Market town in Lincolnshire, England

Long Sutton is a market town and civil parish in the South Holland district of Lincolnshire, England. It lies in The Fens, close to the Wash, 13 mi east of Spalding. In 2011 the parish had a population of 4,821.

==History==
The name Sutton derives from the Old English sūðtūn meaning 'south settlement'. Long was a later addition added to distinguish it from other places named Sutton.

Long Sutton belonged historically to the wapentake of Elloe in the Parts of Holland.

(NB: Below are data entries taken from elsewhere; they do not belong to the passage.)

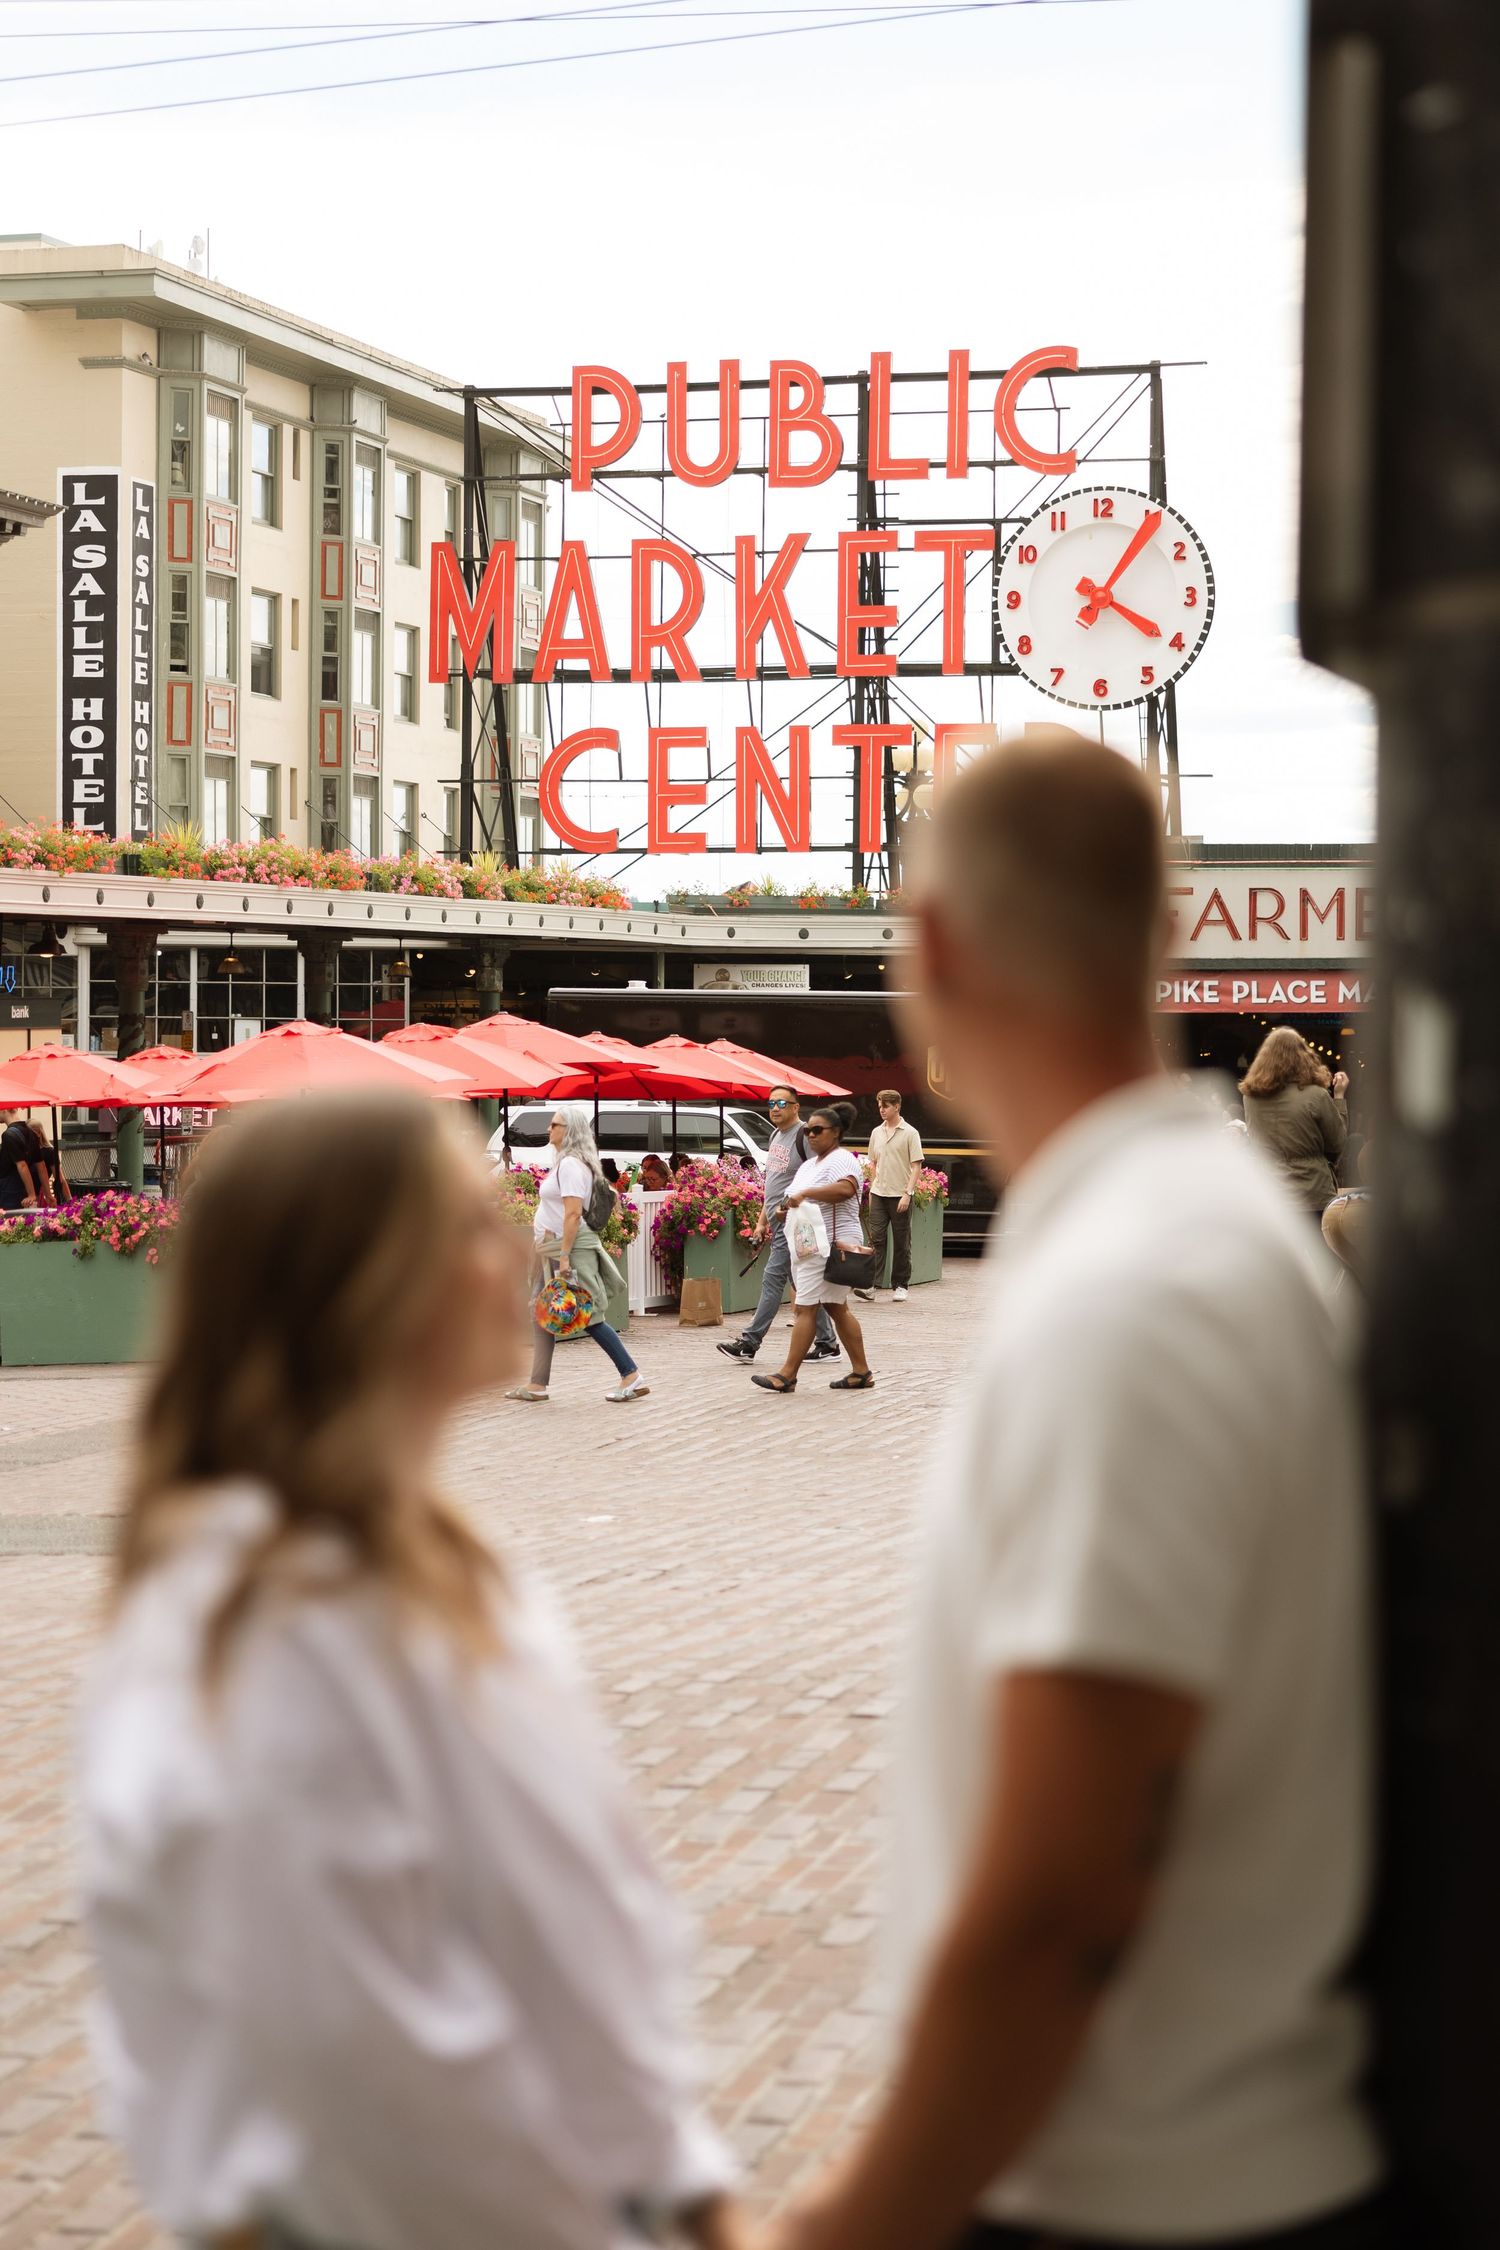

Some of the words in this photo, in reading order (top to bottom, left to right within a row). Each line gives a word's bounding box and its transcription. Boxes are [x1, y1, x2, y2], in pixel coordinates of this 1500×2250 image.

[571, 345, 1079, 492] PUBLIC
[69, 482, 107, 532] LA
[135, 487, 150, 539] LA
[1093, 498, 1113, 517] 12
[1051, 511, 1066, 531] 11
[1018, 545, 1037, 564] 10
[1173, 541, 1186, 560] 2
[428, 529, 997, 684] MARKET
[1006, 590, 1021, 609] 9
[1183, 586, 1197, 607] 3
[68, 544, 107, 678] SALLE
[134, 554, 150, 685] SALLE
[1017, 635, 1032, 655] 8
[1168, 632, 1185, 651] 4
[1050, 667, 1064, 686] 7
[1140, 666, 1154, 685] 5
[1093, 678, 1108, 697] 6
[69, 697, 105, 831] HOTEL
[134, 700, 150, 831] HOTEL
[538, 722, 1084, 854] CENT
[740, 970, 766, 982] YOUR
[767, 970, 806, 982] CHANGE
[1156, 980, 1220, 1003] PIKE
[1232, 980, 1327, 1004] PLACE
[11, 1005, 29, 1019] bank
[143, 1106, 218, 1127] ARKET
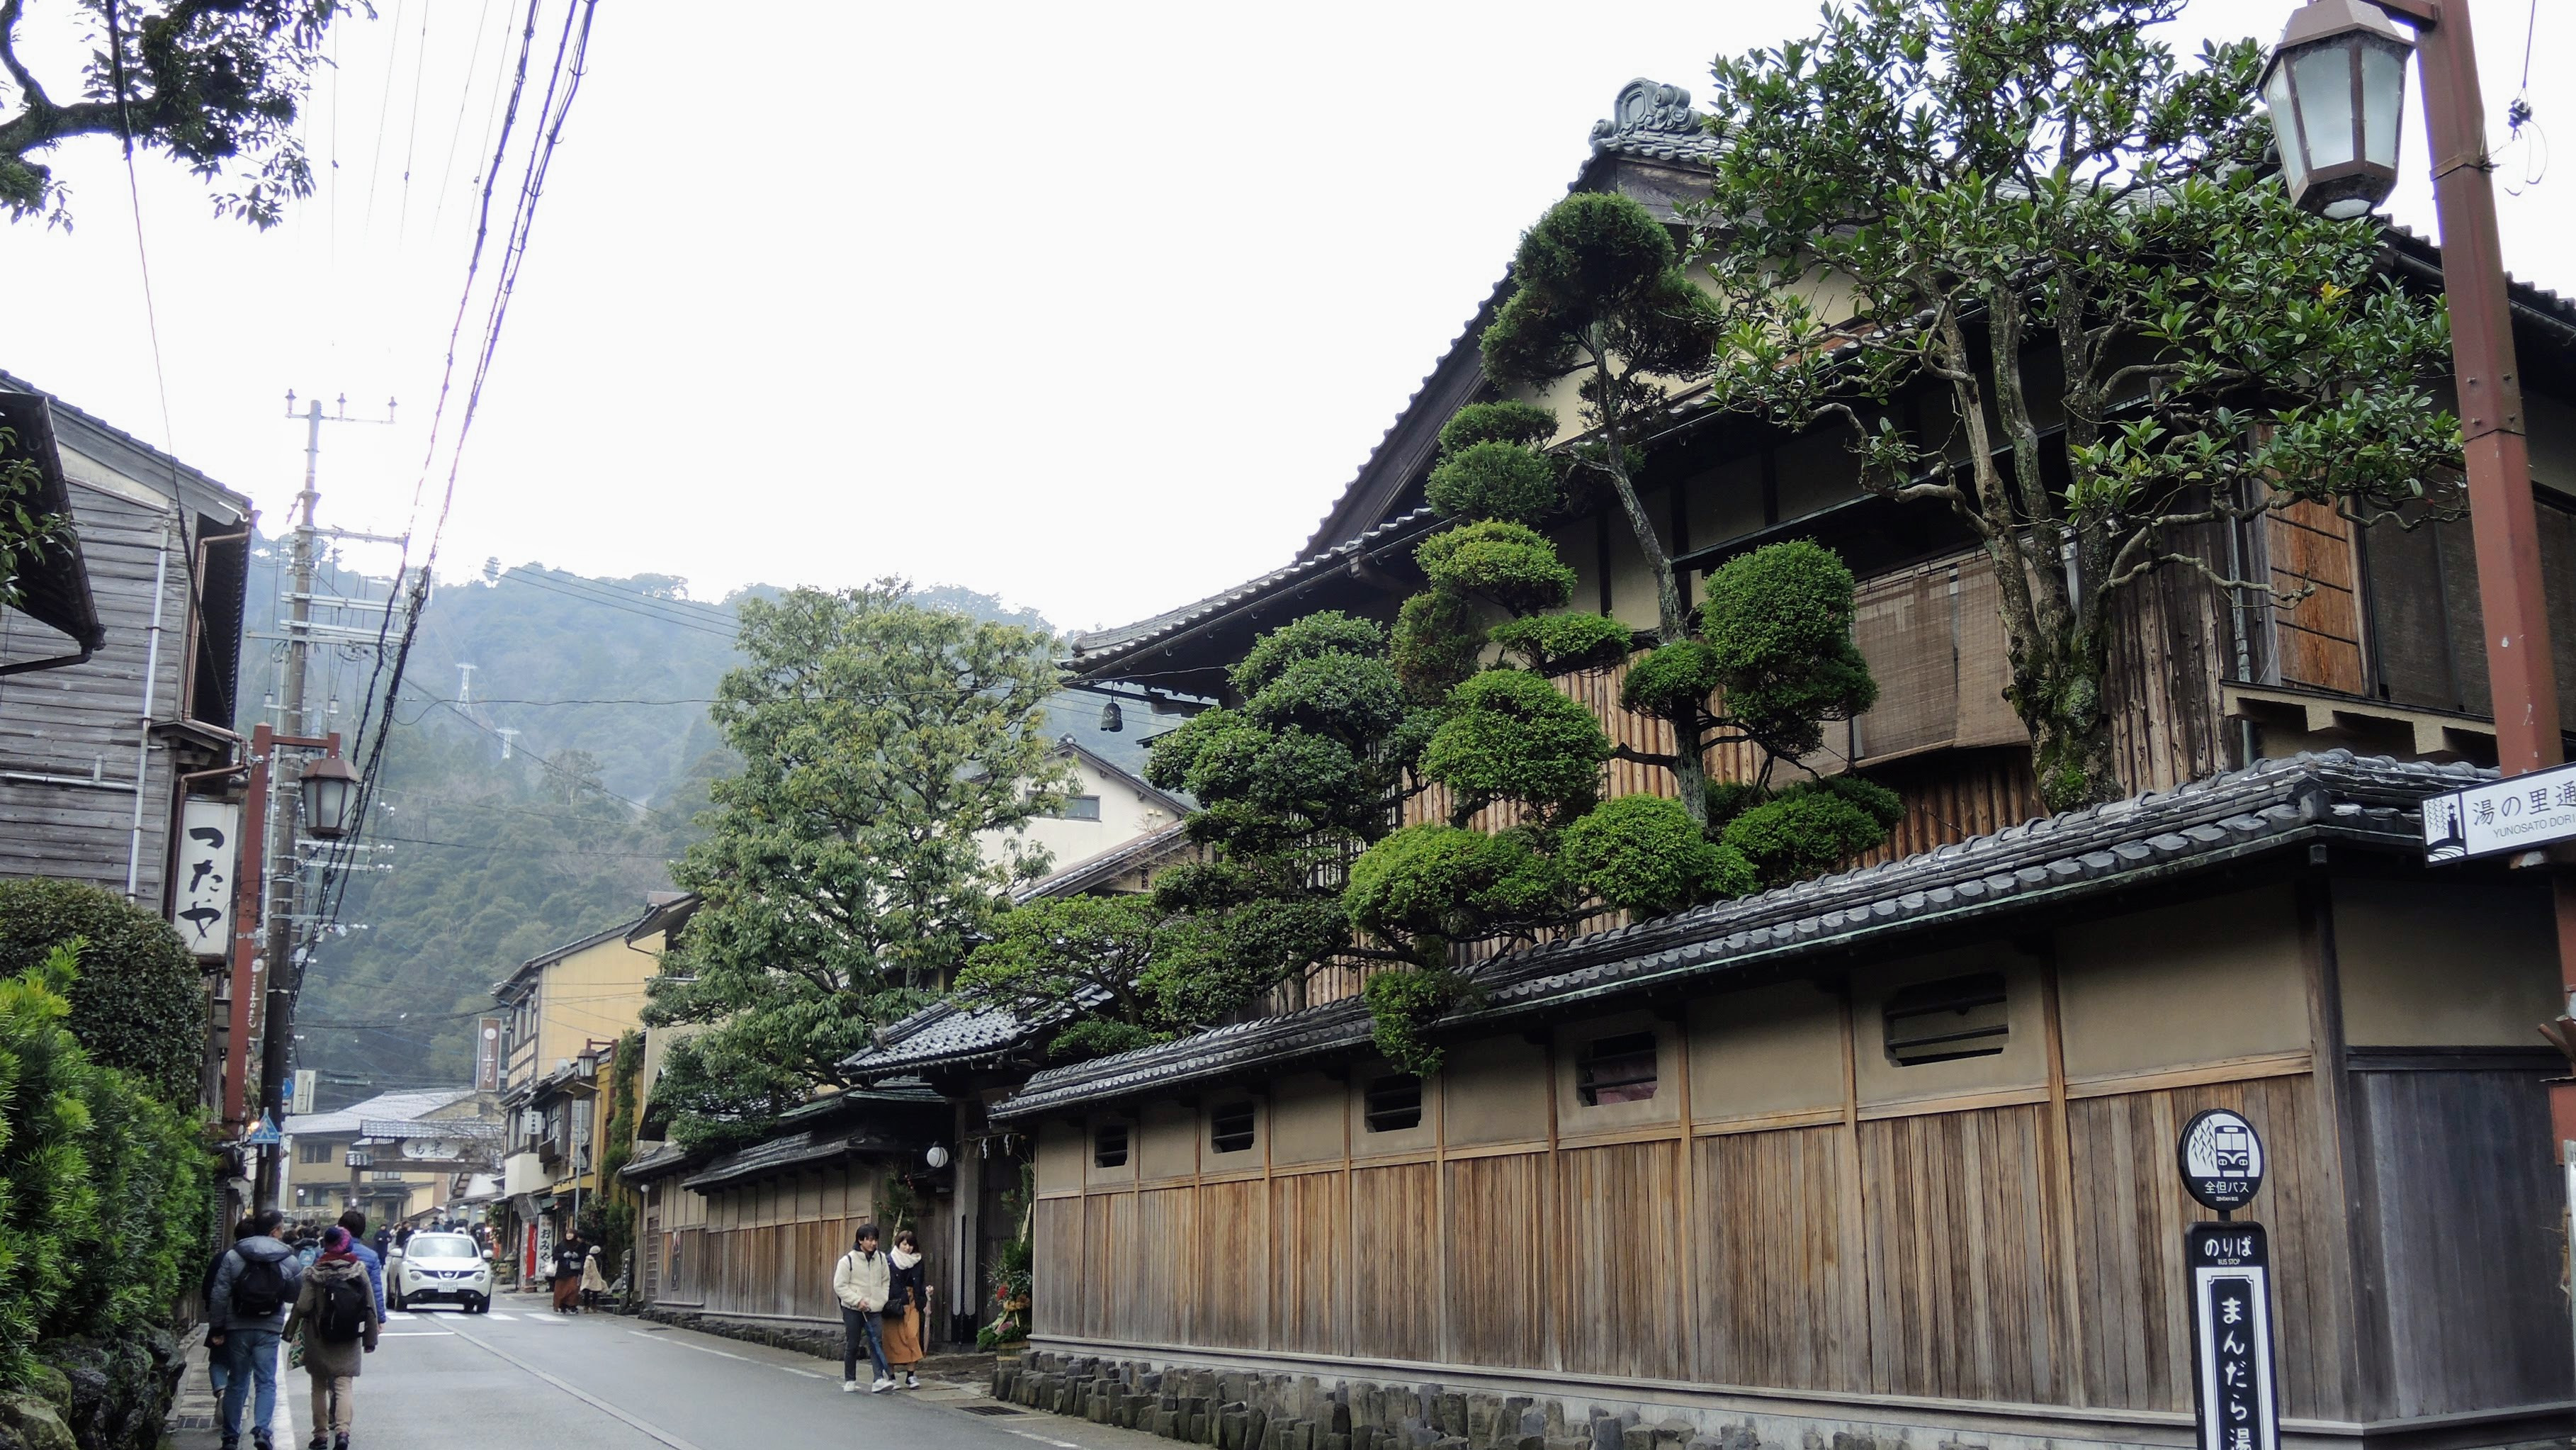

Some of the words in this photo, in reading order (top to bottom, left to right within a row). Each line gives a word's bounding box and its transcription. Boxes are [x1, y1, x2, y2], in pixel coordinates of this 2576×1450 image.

[2493, 819, 2547, 838] YUNOSATO
[2550, 814, 2576, 827] DORI
[177, 826, 225, 939] つたや
[2204, 1181, 2249, 1194] 全但バス
[2205, 1235, 2252, 1257] のりば
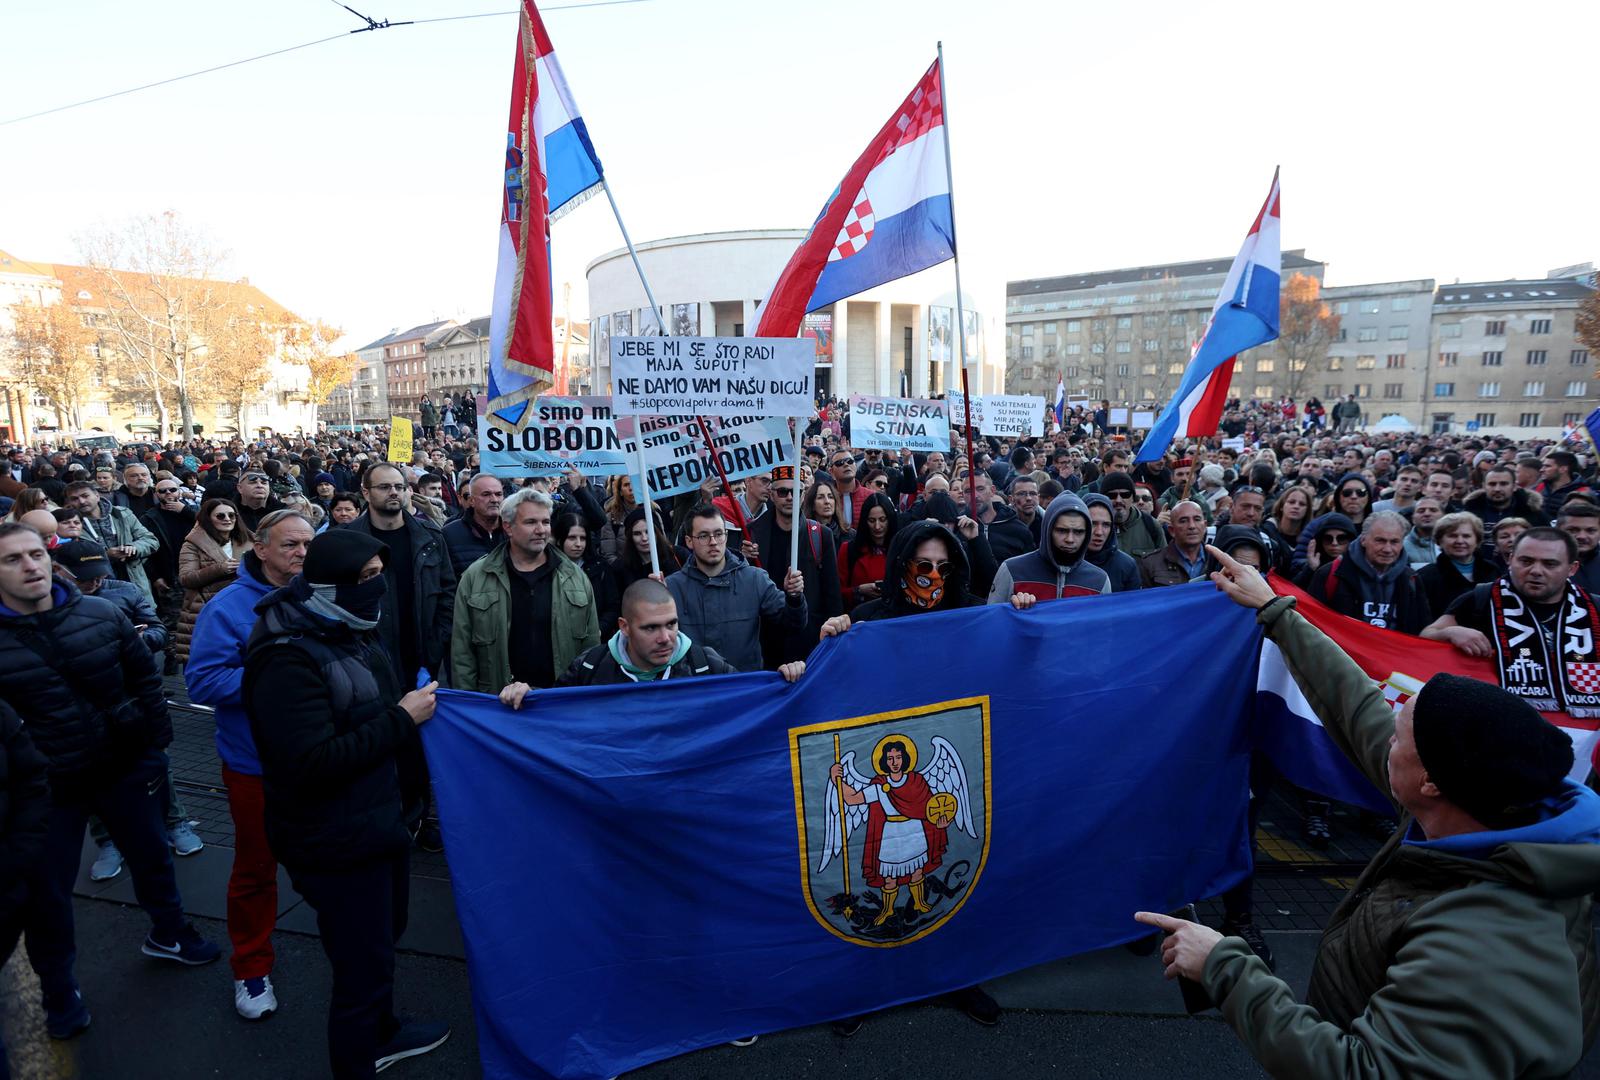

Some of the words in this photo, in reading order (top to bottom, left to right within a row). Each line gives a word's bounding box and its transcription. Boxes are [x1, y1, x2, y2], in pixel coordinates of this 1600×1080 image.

[618, 341, 655, 357] JEBE
[663, 341, 680, 356] MI
[689, 342, 706, 357] SE
[715, 342, 740, 359] ŠTO
[744, 345, 775, 360] RADI
[647, 358, 683, 372] MAJA
[618, 378, 640, 395] NE
[645, 377, 688, 394] DAMO
[692, 378, 721, 393] VAM
[727, 376, 766, 395] NAŠU
[770, 376, 809, 395] DICU!
[539, 406, 584, 420] smo
[592, 406, 618, 420] m
[856, 398, 943, 419] ŠIBENSKA
[686, 420, 713, 438] QR
[874, 421, 927, 436] STINA
[673, 440, 697, 458] mi
[703, 432, 741, 450] smo
[905, 440, 934, 448] slobodni
[523, 460, 570, 469] ŠIBENSKA
[573, 460, 600, 469] STINA
[647, 438, 785, 493] NEPOKORIVI
[1507, 684, 1549, 696] OVČARA

A flood in 1236 that destroyed Wisbech Castle is also said to have washed away the village of Dolproon (or Dolprun) near Long Sutton and its existence has been handed down in the lines: "When Dolproon stood, Long Sutton was a wood. When Dolproon was washed down, Long Sutton became a town."

By the mid-14th century, it was considered to be one of the richest communities in Lincolnshire.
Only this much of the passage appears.